AUGUST
1969
When some members of the Hendersonville community tried to incorporate a city in 1964, the vote failed 1018-163. When Dink Newman led an effort four years later, he scaled back the geographic size of the proposed city and got it passed 53-26.
The people left out of the vote–thus left out of the city–suspected that the city of Hendersonville would simply annex them, a method of incorporating them without giving them a vote. Their fears were realized in late August 1969, when the Hendersonville City Commission voted “to conduct (an) annexation feasibility study for the Greater Hendersonville, Tennessee, area.”
By then the city had already annexed some business sections of Gallatin Road and New Shackle Island Road, creating the city borders in the white area above.
1979
In early August 1979 the Sumner County Board of Education decided to delay the start of schools due to budget problems. The board had taken $400,000 from its reserves to finish the previous school year and was hoping the county commission would cover a $348,000 projected budget short-fall for the coming year.
After the Sumner County Commission refused to give up part of its $2.5 million surplus, the school board voted to delay school opening. When school board members held a parents meeting to explain the situation, the parents turned against the county commission and later packed the commission chamber at the next meeting.
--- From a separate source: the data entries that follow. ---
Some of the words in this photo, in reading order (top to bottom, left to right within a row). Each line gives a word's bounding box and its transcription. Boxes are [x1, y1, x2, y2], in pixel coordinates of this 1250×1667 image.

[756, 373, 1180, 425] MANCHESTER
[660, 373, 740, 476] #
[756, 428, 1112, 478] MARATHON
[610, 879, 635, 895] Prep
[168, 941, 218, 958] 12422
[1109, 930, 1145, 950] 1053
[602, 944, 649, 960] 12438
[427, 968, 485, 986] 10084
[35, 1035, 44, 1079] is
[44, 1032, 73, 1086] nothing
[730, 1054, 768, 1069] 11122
At that meeting, on August 20, commissioners would not agree to provide more funds for schools. The school board responded by instructing Superintendent Benny Bills to find areas to cut, and it decided to open schools on September 4.
1982
In August 1982 Kroger executives received zoning permission to build a new shopping center across Gallatin Road from Hendersonville High School (now Ellis Middle School) along the entrance to Drakes Creek Park. The permission would lead to the company to move its store from Imperial Boulevard, which had opened just seven years earlier.
City Commissioners, concerned about leaving the Imperial Boulevard space empty, expected Kroger to find a tenant. The company did when Bill Crook agreed to move his Food Town grocery store to Imperial Boulevard from Walton Ferry Road.
Kroger build its store and an additional 6,400 square feet adjacent to it. Bill Crook moved to the old Kroger site. And Winn Dixie, the only other grocer east of Drakes Creek, started to feel the impact of Kroger’s nearby competition. Opened since 1976 in Maple Row, Winn Dixie had enjoyed a consumer synergy with K-Mart, located in the same shopping center at the southeastern corner of Gallatin and Indian Lake roads.
Winn Dixie closed in 1987, allowing Bill Crook to move his store from Imperial Boulevard to Maple Row. That store closed in 1990.
1986
In early August 1986, Hendersonville citizens voted to exchange the five city commissioners, their appointed mayor, and the city manager for 12 aldermen and a popularly elected mayor.
That referendum, the third attempt to overhaul the government in the city’s 17-year history, was hailed as a means of eliminating alliances among city leaders, a situation that had been evident as two city managers came and left within three years.
Erskine Ausbrooks Jr., the second of those city managers, went on the lead HOPE, Hendersonville Organization for Political Education. The group had requested the referendum and campaigned for a new charter, enabling Ausbrooks to later become the city’s first full-time mayor.